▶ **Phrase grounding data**
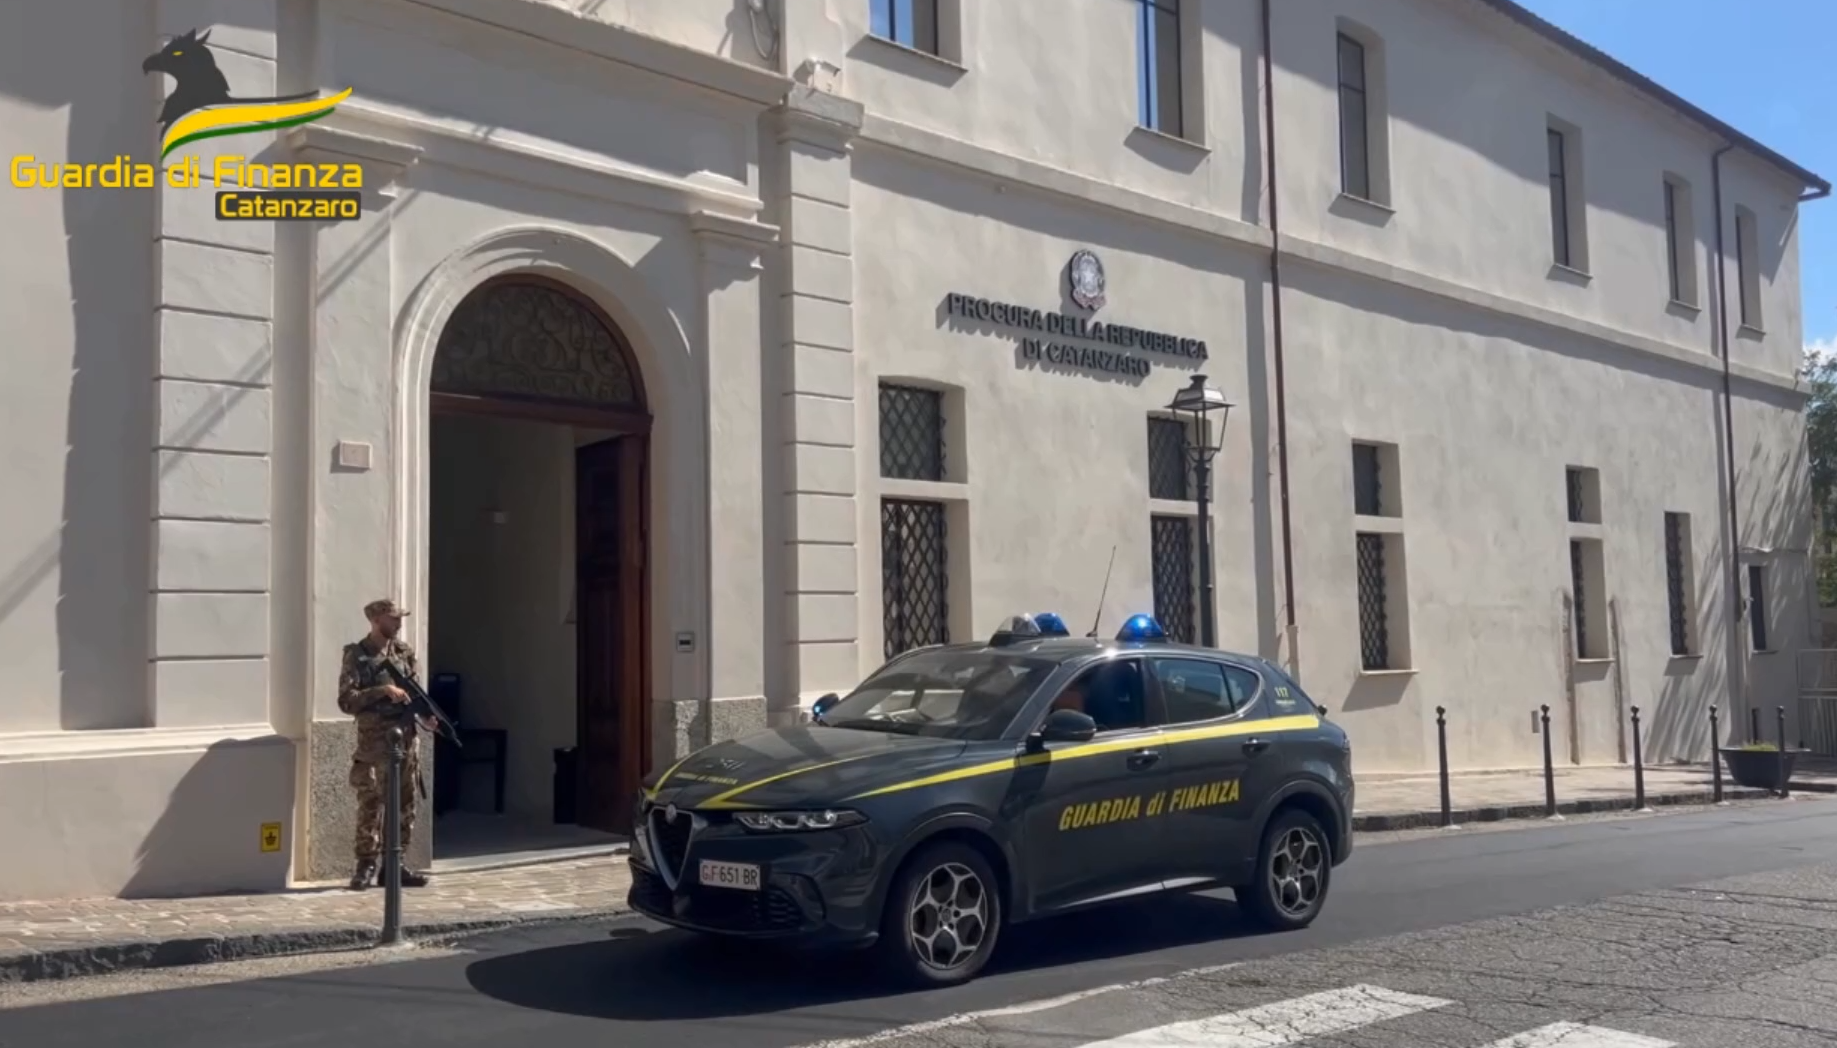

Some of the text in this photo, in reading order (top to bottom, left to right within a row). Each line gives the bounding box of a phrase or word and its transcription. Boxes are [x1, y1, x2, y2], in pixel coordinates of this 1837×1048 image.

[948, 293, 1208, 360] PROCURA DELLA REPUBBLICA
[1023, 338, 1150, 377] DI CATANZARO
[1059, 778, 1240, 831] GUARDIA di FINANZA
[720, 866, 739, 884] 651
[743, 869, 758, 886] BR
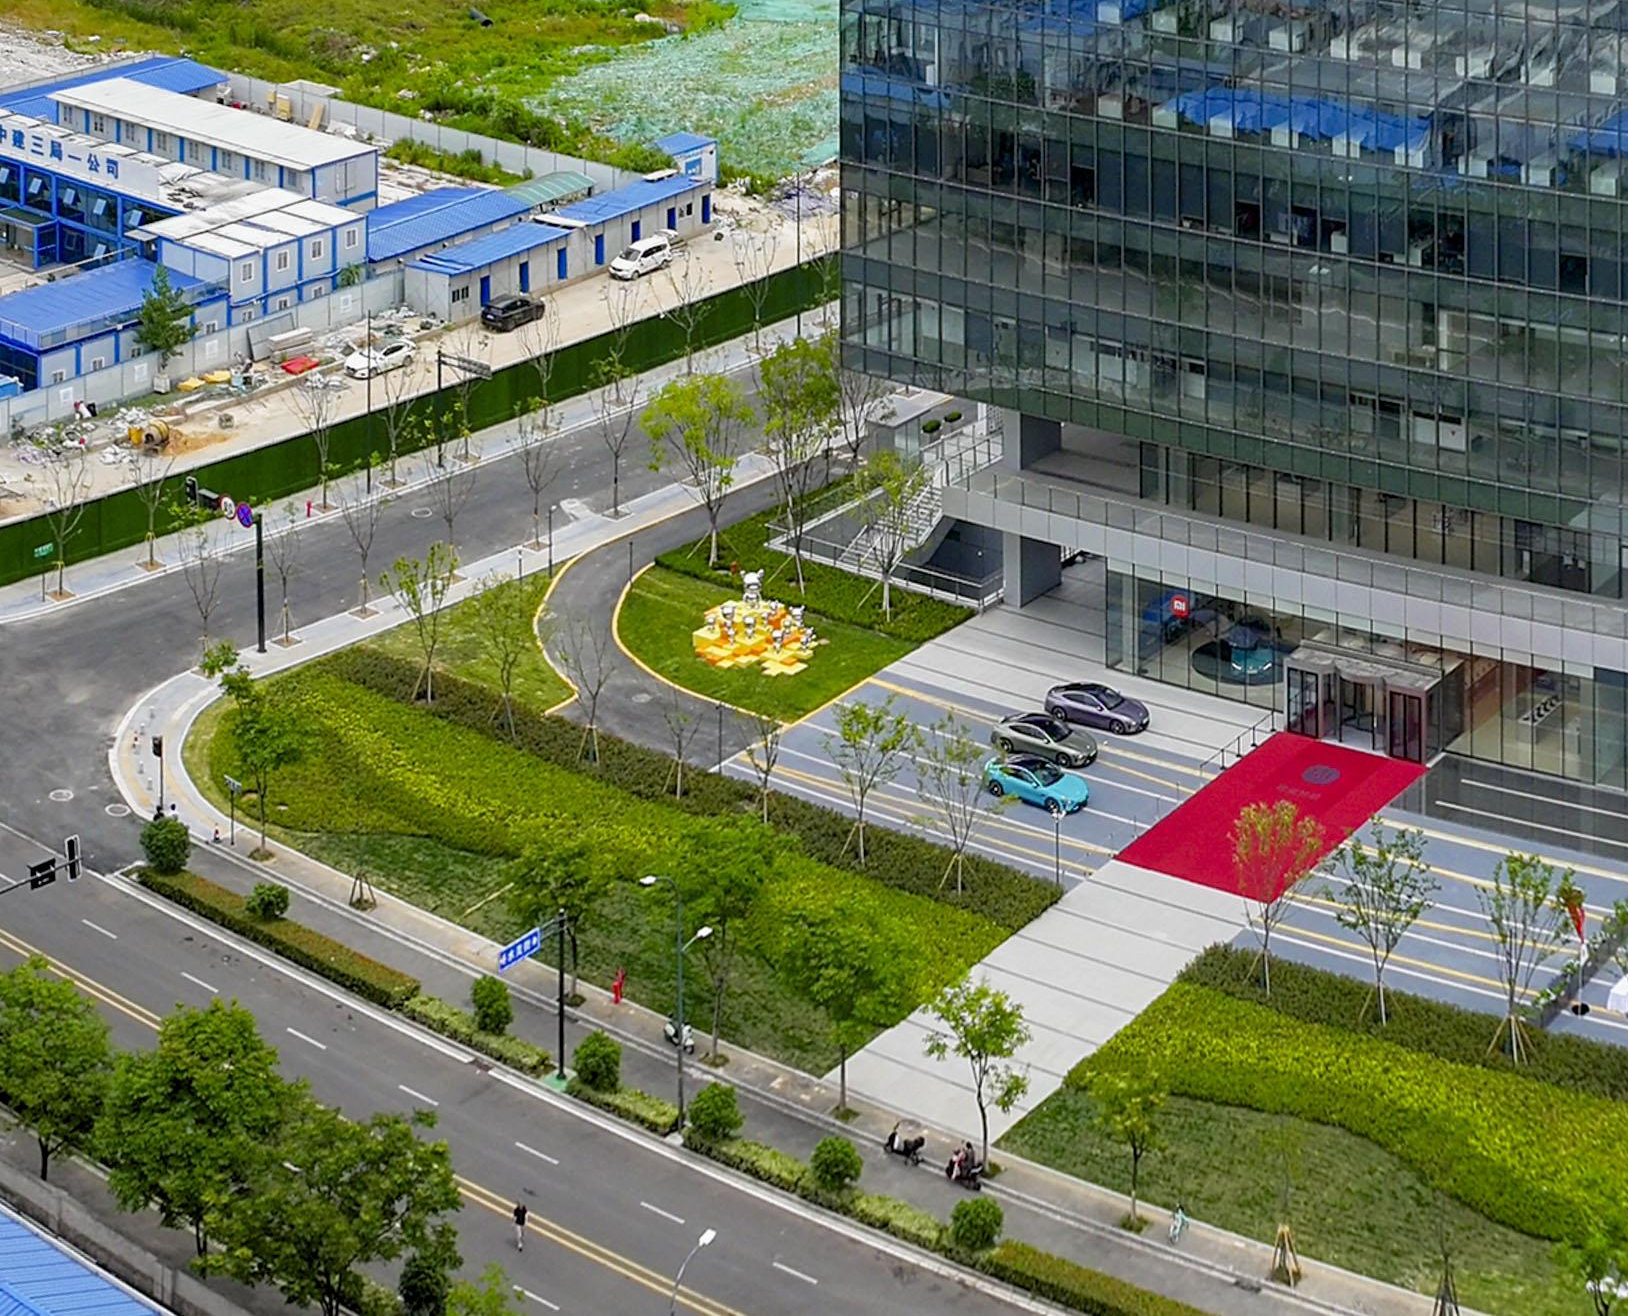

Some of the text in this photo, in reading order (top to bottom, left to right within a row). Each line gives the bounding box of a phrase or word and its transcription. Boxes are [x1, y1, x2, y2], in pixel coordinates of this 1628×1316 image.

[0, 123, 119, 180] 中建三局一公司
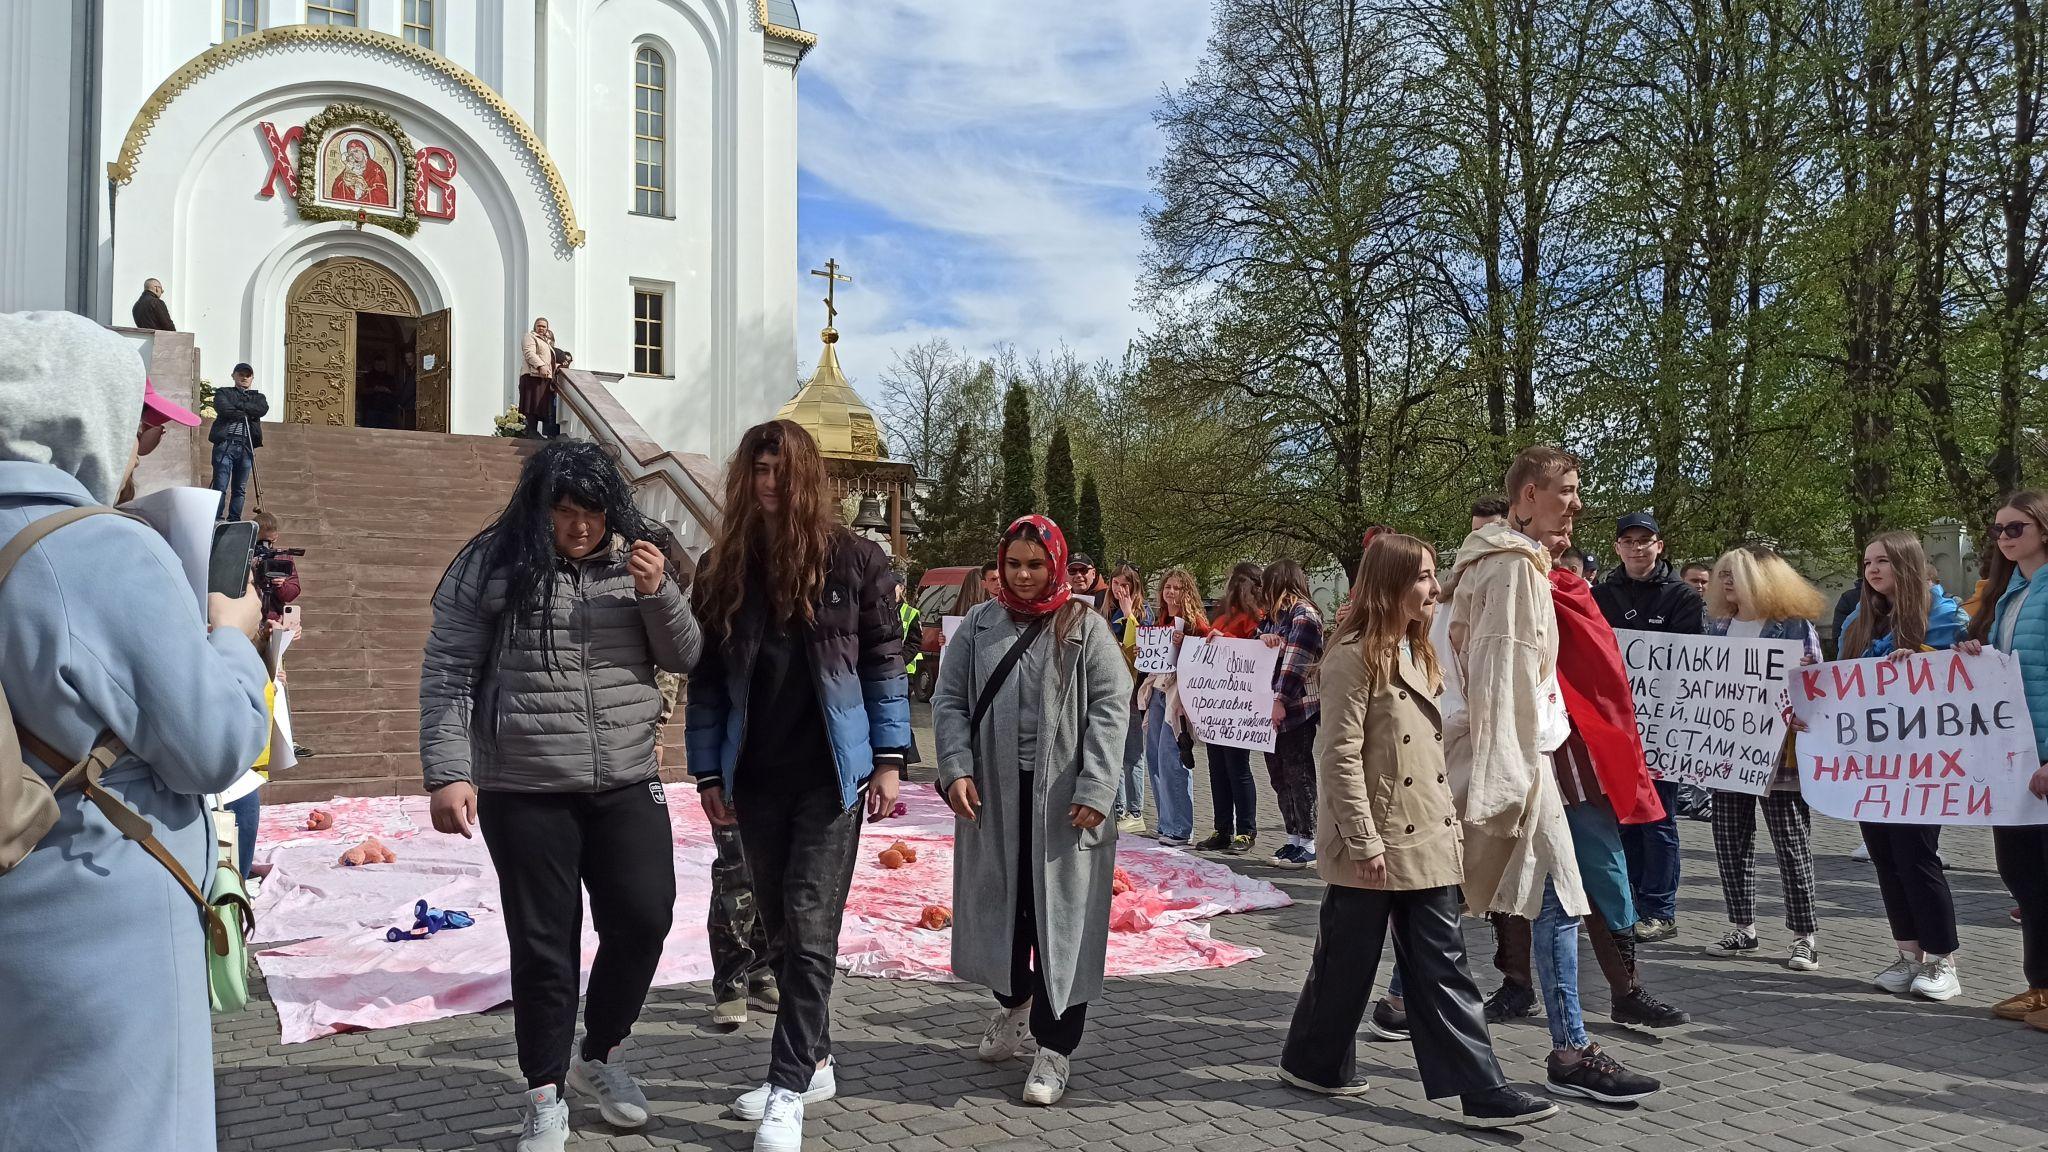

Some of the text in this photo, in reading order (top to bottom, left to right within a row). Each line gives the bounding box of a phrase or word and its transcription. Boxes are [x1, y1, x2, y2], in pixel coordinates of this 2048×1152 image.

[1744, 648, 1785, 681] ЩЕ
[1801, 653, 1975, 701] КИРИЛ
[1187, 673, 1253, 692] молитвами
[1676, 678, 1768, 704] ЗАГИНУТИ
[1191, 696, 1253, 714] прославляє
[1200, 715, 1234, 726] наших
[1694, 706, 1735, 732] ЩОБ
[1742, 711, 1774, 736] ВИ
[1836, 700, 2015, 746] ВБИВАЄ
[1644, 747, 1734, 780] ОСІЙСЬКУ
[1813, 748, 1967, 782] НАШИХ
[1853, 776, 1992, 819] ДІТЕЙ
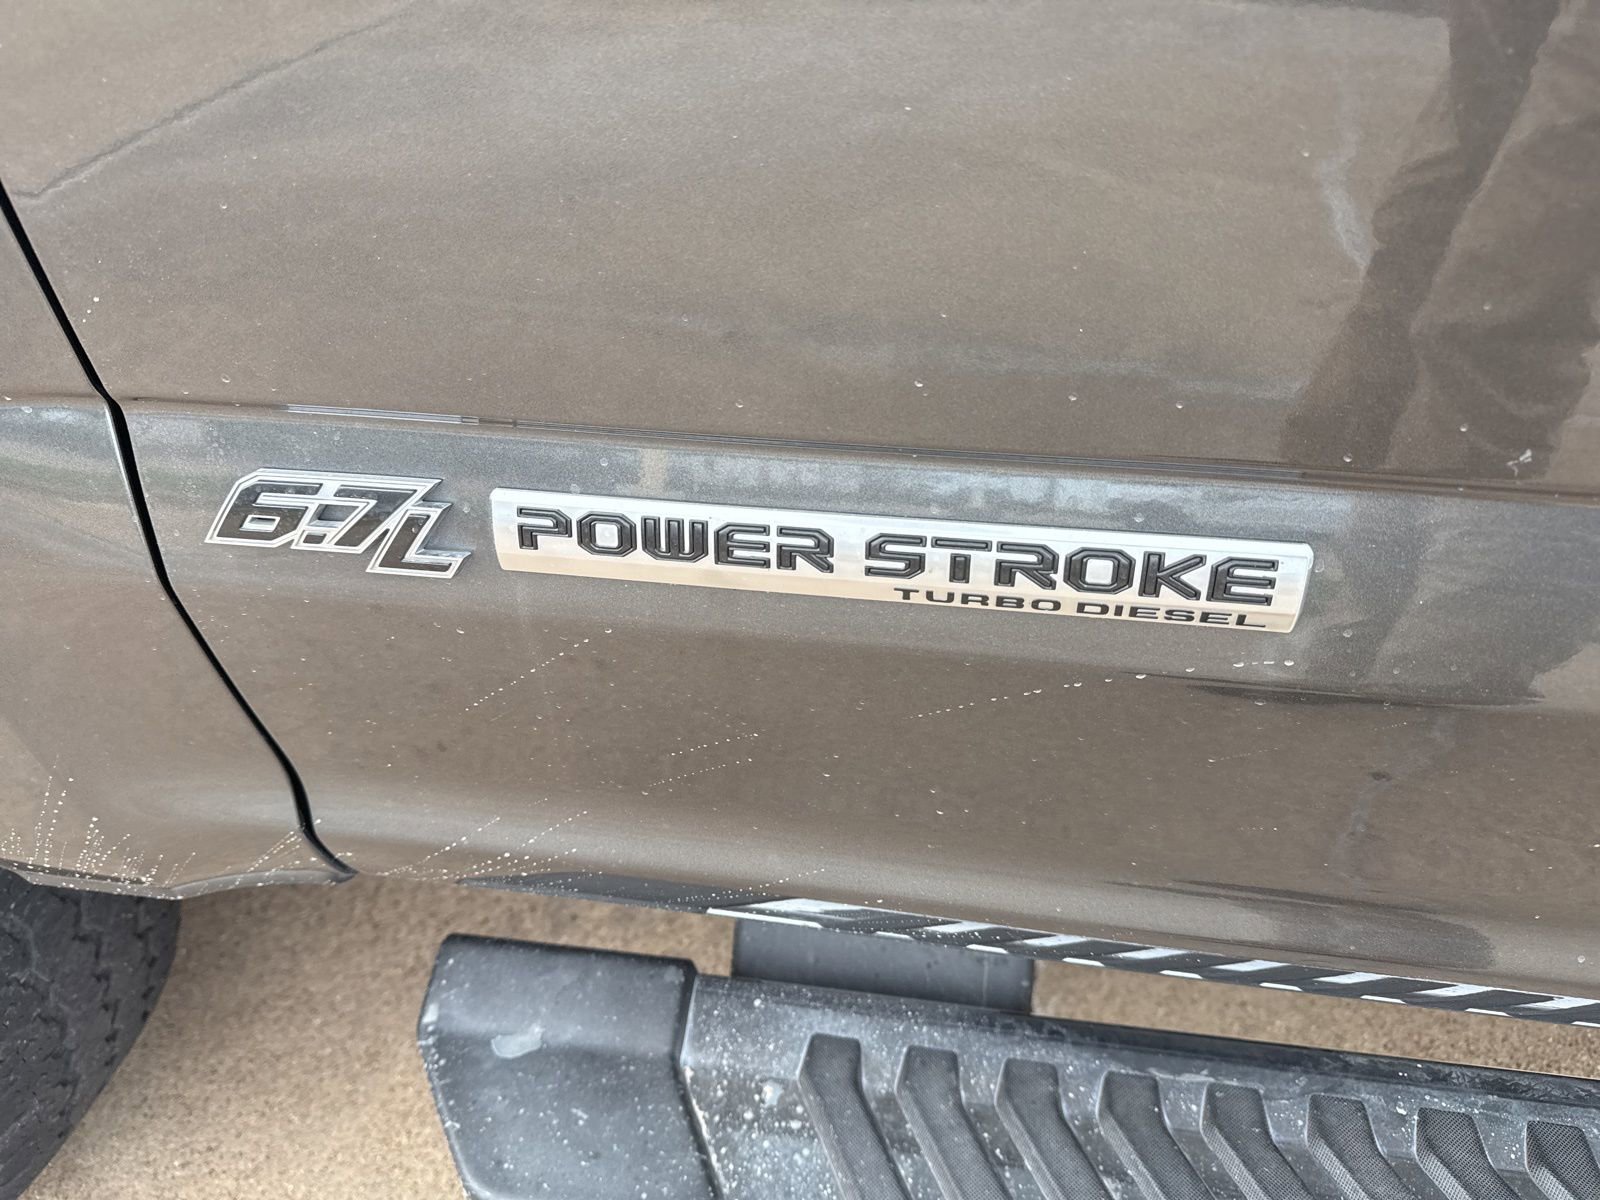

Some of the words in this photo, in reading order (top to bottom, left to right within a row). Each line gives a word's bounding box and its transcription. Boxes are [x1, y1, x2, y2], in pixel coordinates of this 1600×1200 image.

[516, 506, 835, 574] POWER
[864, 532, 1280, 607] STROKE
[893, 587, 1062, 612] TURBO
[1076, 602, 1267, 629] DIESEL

▶ **Task**
From the line that contains "Some of the words" down to the final line of the entries, print every line exactly as it is, and only those lines.

▶ **Response to this exercise**
Some of the words in this photo, in reading order (top to bottom, left to right within a row). Each line gives a word's bounding box and its transcription. Boxes are [x1, y1, x2, y2], in pixel coordinates of this 1600×1200 image.

[516, 506, 835, 574] POWER
[864, 532, 1280, 607] STROKE
[893, 587, 1062, 612] TURBO
[1076, 602, 1267, 629] DIESEL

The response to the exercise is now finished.